In anthropology, great importance has been given to studies on the home over the last decades. There are several classic studies on these themes, from Henry Lewis Morgan on the native American home (1881), to Pierre Bourdieu’s crucial studies on the Kabyle house (1972) and taste (1984). Such contributions have inspired the most important studies on the home, as Heather A. Horst says:

Bourdieu’s formulation of the habitus and social practice in shaping taste and aesthetics in French homes and Moore’s analysis of the ways in which gender is structured and restructured in domestic space through practice represent seminal work on the ways which gender and other forms of difference become inscribed and reinscribed in domestic space (Horst, 2012, p. 61).
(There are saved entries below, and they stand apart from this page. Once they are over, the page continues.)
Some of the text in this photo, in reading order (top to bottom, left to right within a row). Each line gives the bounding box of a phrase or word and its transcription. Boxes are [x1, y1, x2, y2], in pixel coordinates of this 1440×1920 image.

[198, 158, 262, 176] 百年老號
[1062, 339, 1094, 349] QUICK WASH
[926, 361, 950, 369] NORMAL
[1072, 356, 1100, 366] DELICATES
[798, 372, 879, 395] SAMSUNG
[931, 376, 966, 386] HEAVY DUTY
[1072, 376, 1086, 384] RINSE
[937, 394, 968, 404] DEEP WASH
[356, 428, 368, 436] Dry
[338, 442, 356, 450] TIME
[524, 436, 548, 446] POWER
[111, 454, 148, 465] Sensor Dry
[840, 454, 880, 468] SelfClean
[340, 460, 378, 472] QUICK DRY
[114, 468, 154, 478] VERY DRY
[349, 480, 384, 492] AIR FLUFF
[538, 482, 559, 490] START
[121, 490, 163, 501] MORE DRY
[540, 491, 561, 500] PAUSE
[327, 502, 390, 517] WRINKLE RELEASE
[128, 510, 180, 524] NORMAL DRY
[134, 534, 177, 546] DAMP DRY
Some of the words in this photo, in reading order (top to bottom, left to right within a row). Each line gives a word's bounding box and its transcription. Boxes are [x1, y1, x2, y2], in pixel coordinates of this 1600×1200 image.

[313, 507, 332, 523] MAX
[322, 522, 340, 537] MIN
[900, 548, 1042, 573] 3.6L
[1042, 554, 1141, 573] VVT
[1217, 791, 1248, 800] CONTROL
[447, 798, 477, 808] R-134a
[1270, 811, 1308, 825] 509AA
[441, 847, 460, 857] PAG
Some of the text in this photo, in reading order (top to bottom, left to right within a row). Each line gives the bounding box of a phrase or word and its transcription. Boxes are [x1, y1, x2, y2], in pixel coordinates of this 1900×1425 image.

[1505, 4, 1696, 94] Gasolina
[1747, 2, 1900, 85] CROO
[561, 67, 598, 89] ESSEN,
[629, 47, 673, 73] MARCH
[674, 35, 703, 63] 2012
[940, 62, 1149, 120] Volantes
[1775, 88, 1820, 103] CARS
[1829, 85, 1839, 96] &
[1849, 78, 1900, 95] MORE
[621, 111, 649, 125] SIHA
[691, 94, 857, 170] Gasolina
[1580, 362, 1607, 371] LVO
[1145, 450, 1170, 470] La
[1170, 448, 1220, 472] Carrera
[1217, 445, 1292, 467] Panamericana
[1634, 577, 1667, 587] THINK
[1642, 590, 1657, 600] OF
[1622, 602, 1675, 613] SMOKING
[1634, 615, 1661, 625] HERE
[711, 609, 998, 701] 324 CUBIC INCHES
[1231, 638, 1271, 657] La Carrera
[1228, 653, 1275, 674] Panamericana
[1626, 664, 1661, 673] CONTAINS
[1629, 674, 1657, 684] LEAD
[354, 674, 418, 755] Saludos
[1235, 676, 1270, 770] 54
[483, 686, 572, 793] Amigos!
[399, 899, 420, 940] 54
Nevertheless, it is only in the last ten years that the home has become a constant matter of ethnographic interest and concern for anthropologists. This attention comes essentially from material culture and consumption studies and, in some cases, from semiotic studies and from the Annales School. These studies are mainly based on two different schools of thought: French and Anglo-Saxon. The former focuses on symbolic aspects and material culture (Bourdieu, 1979; Dassié, 2009; Paggi, 2015), and on the transfer of objects (Bonnin, Perrot, 1989; Segalen, Bekus, 1990). These studies have been strongly influenced by the anthropologist André Leroi-Gourhan (1965), by the Annales School (Braudel, 1979) and by Jean Baudrillard’s (1968) semiotic approach to objects.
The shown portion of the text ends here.